We are facing an issue with the store volume hardware on a given data node which results in full production outage. While the problem is clearly lies in the system/hardware level there might be some Elasticsearch-level options to mitigate it.
Elasticsearch data nodes use a separately mounted volume as a
path.data location to store all the data. Approximately on monthly basis one of the data nodes' store volume experiences a hardware issue which results in a forceful shutdown of the XFS filesystem and volume not being mounted anymore.

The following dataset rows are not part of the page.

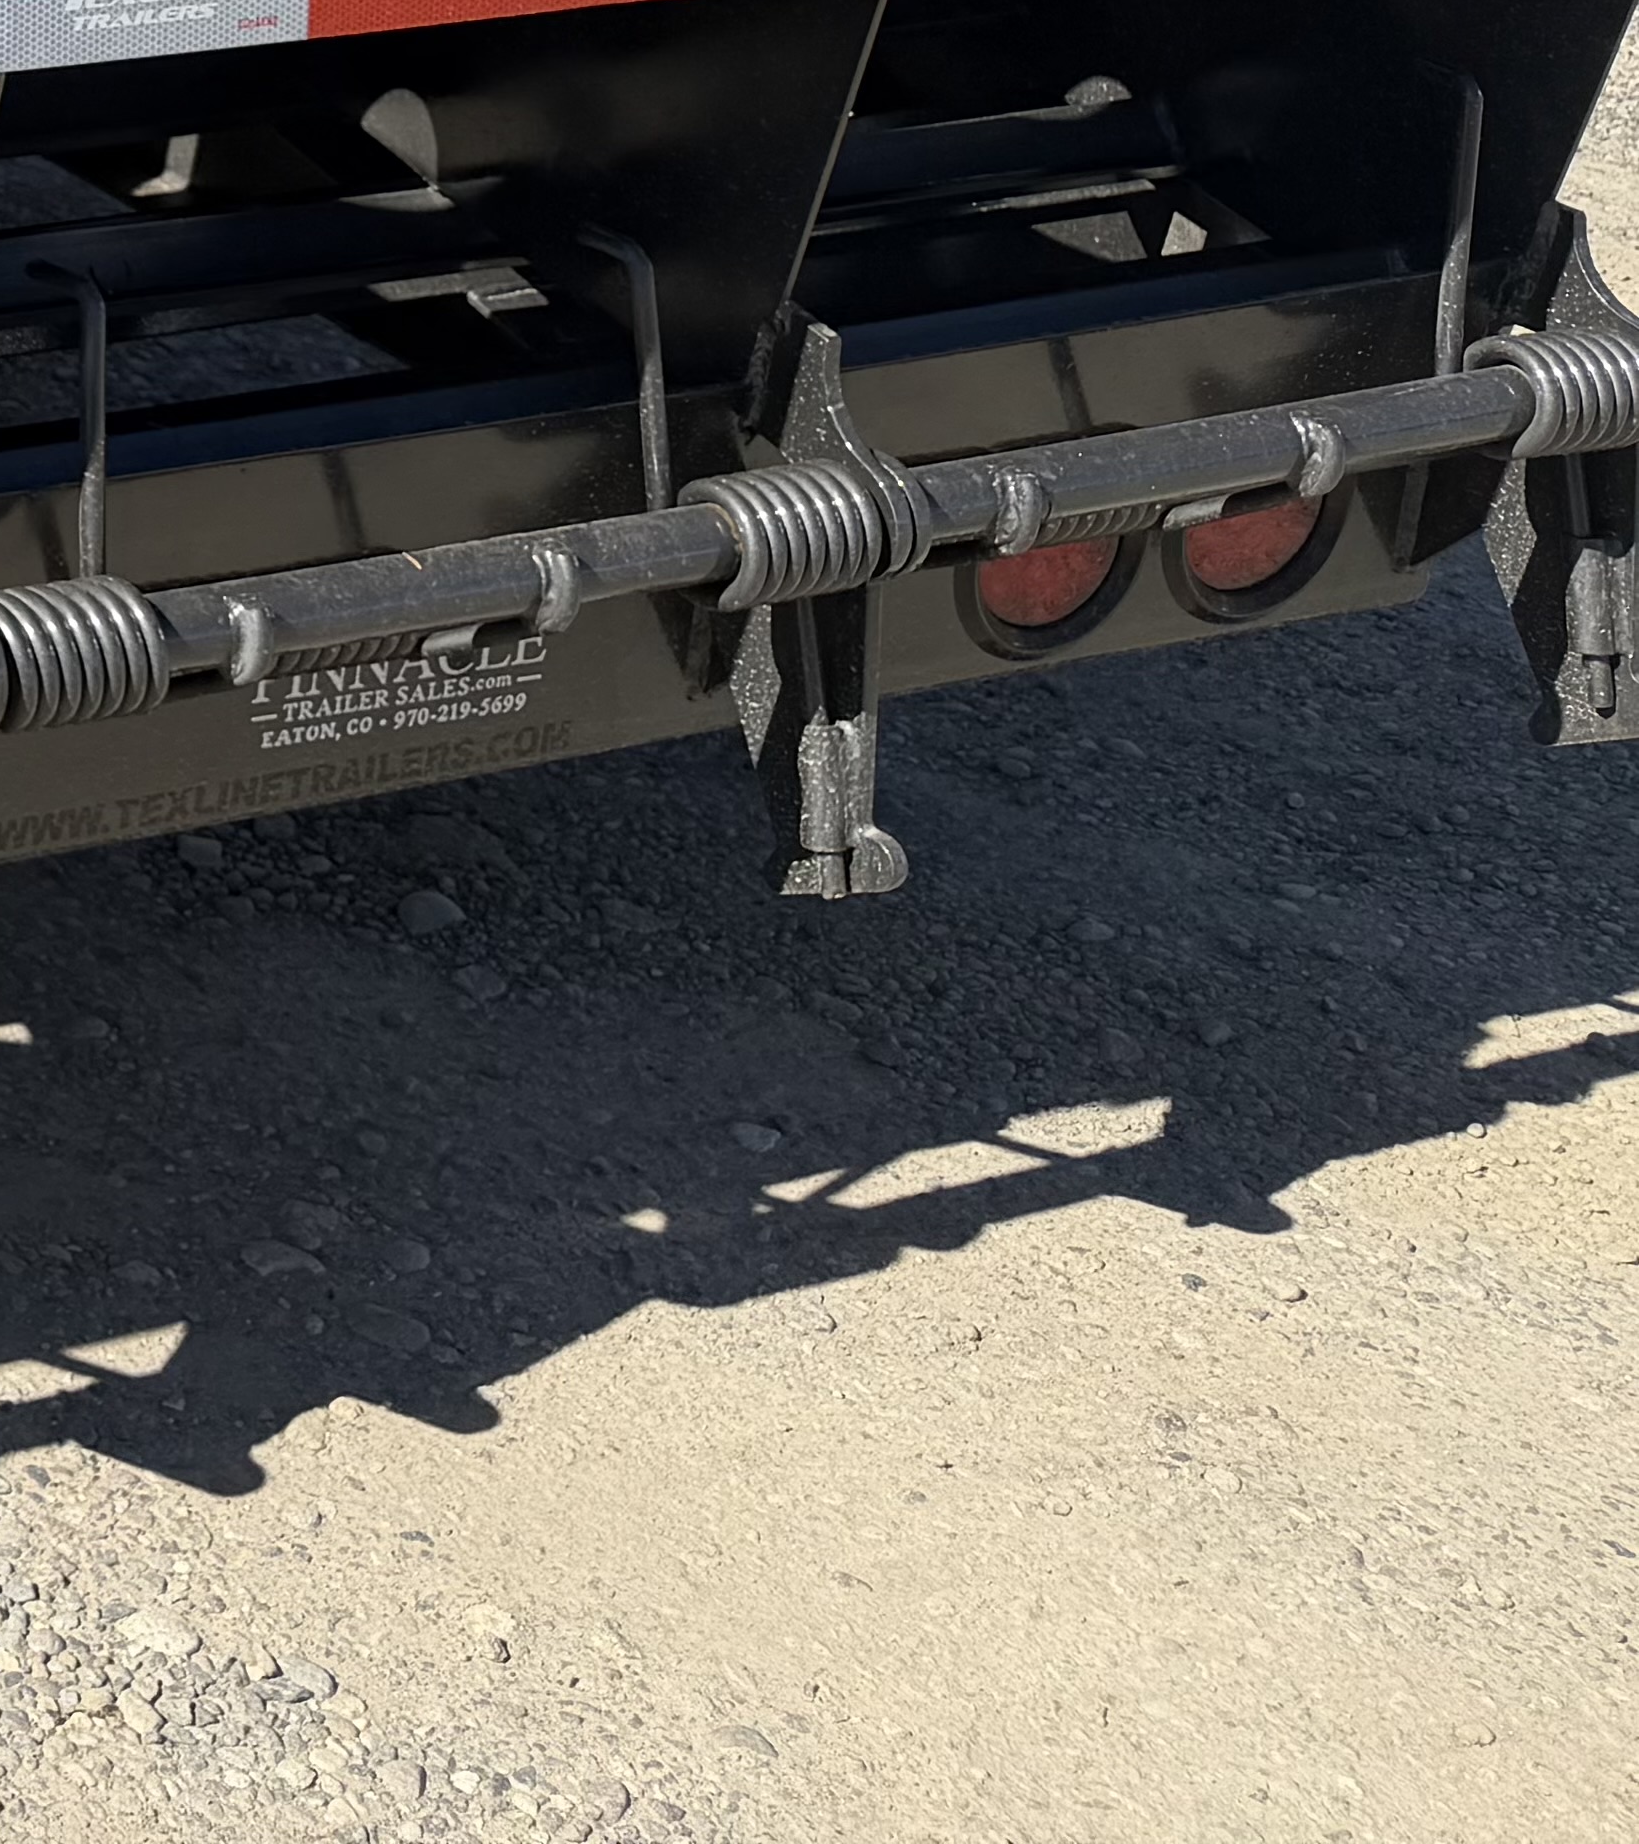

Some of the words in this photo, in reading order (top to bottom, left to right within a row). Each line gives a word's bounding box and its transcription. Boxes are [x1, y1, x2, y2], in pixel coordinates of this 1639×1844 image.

[72, 2, 219, 31] TRAILERS
[261, 721, 342, 749] EATON,
[346, 716, 373, 736] CO
[393, 692, 528, 731] 970-219-5699
[282, 689, 389, 723] TRAILER
[395, 673, 512, 707] SALES.com

Mount point directory, however, still exists on the root volume. After a system restart that follows the store volume error (we can't reproduce this though), Elasticsearch effectively starts using the root volume for the data. Root volume is quite small so within a few minutes Elasticsearch fills up the disk. After breaching the
flood_stage watermark Elasticsearch marks indices as read-only which results in a service outage.
Timing (~5-10mins) and unpredictability of this event leaves no space for pro-active manual intervention to avoid the production outage.

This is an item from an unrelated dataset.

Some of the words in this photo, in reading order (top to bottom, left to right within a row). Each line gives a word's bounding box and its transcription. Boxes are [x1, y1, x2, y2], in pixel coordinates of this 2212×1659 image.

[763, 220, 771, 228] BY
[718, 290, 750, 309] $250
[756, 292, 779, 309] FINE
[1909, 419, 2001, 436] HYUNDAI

We'd like to automate the mitigation to ensure that whenever a given data node loses its data store volume it is automatically "excluded" from the cluster.
We figured that we could prevent Elasticsearch process from starting using
But it is unclear whether a system reboot happens consistently on store volume failure or not. And hence we can't rely on Elasticsearch being restarted in the event.
We are investigating whether using
fs.xfs.panic_mask could help to force system reboot on the store volume issue but this setting intended for debugging purpose only - so unclear how safe would it be to use it in production.
Running on EC2, Amazon Linux 2.
ES version 6.8.3 (7.9.3 upgrade pending soon).
Data nodes are using
m5d.4xlarge EC2 instance type, with two 300GB NVMe volumes mounted as a RAID0.
- Did anyone else experience a similar issue?
- Is there any Elasticsearch-level options/ways to ensure Elasticsearch process stops working in case of a store volume level failure?
Any info/ideas/suggestions more than welcome.